A third study hints at the possibility of using FDA-approved drugs to decrease seizure frequency by reducing faulty cell signaling between nerve cells. Researchers from Emory University discovered this possibility by exploring the roles of key proteins known as NMDA receptors (NMDAR), which contribute to the transmission of signals between nerve cells. Mutations in these proteins have been reported in patients with developmental delay and epilepsy, prompting the authors to study how mutations of a gene encoding a NMDAR subunit, GRIN2A/GluN2A, affects the receptor's function. They also evaluated the sensitivity of the mutants to FDA-approved drugs that block the NMDA receptor, known as antagonists.
According to their analysis, the two mutations are more sensitive to agonists - which spark action - than the normal receptors, and are predicted to have a prolonged synapse response that may lead to overactivation of the NMDA receptors, contributing to seizures and cognitive problems.

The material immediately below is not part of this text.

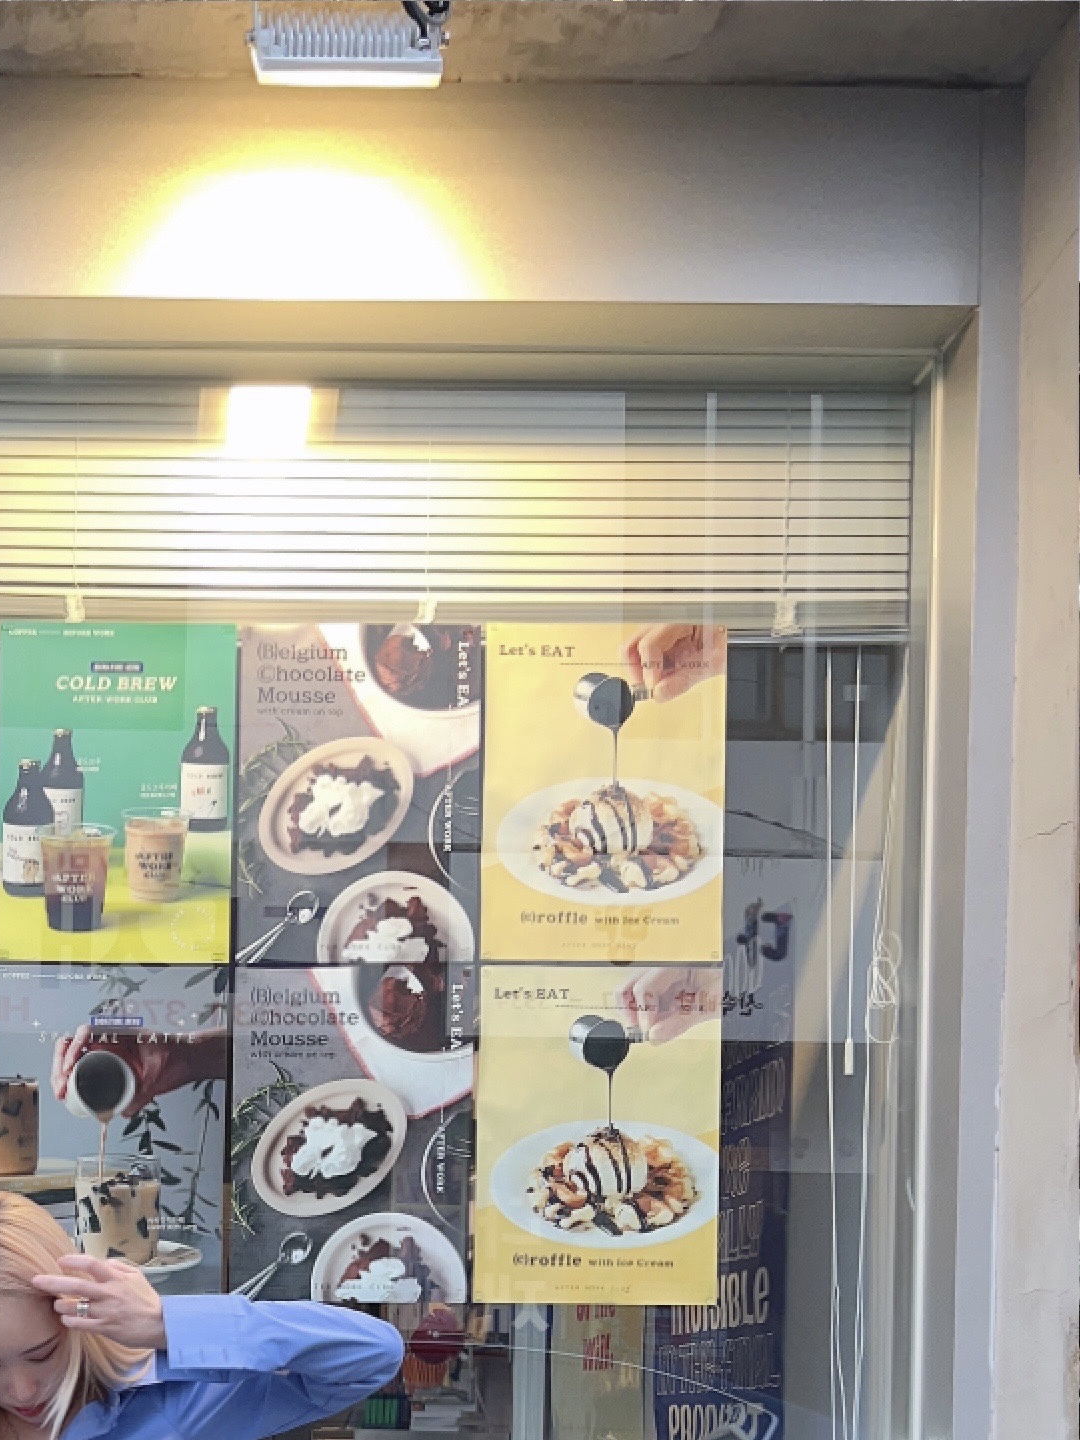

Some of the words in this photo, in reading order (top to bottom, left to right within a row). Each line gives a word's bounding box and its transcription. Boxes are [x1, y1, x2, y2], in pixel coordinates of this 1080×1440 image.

"Our study indicates that certain FDA-approved drugs that block the NMDA receptor might attenuate NMDAR overactivation, which might decrease seizure frequency or severity in these patients. This suggests a potential opportunity for personalized medicine," says Hongjie Yuan, an assistant professor at Emory University.
In a fourth study, researchers from British Columbia Children's Hospital and the University of British Columbia use a technique known as whole-exome sequencing - a method for sequencing all protein-coding genes in the human genome - to diagnose and recommend treatments for patients with epilepsy.
The authors began by searching for genetic mutations in 50 patients with unexplained early-onset epilepsy. Their analysis uncovered aberrations in the SCN1A, ATP1A2, ALG13, STXBP1 x 2, POLG, KCNQ2 x 3, SMC1A, ADSL, MED23, CDKL5, SLC35A2, PAFAH1B1, and TUBB2B genes, leading to a definite/likely diagnosis in 16 patients and a possible diagnosis in an additional 11 patients. Half of the definite/likely diagnoses directed clinicians toward appropriate treatments. In one case, a patient discontinued valproic acid due to the discovery of mutations in the POLG gene, as valproic acid can induce or accelerate liver disease in patients with these mutations. In another case, a patient with a SCN1A mutation, linked to Dravet syndrome, was found to have an additional mutation in SCN5A, which has been linked to epilepsy, cardiac arrhythmias and sudden death.
Michelle Demos, a clinical assistant professor of neurology at the University of British Columbia, said, "The clinical impact of these findings is significant - they could lead to earlier diagnosis and more appropriate treatment in children with certain early-onset epilepsies."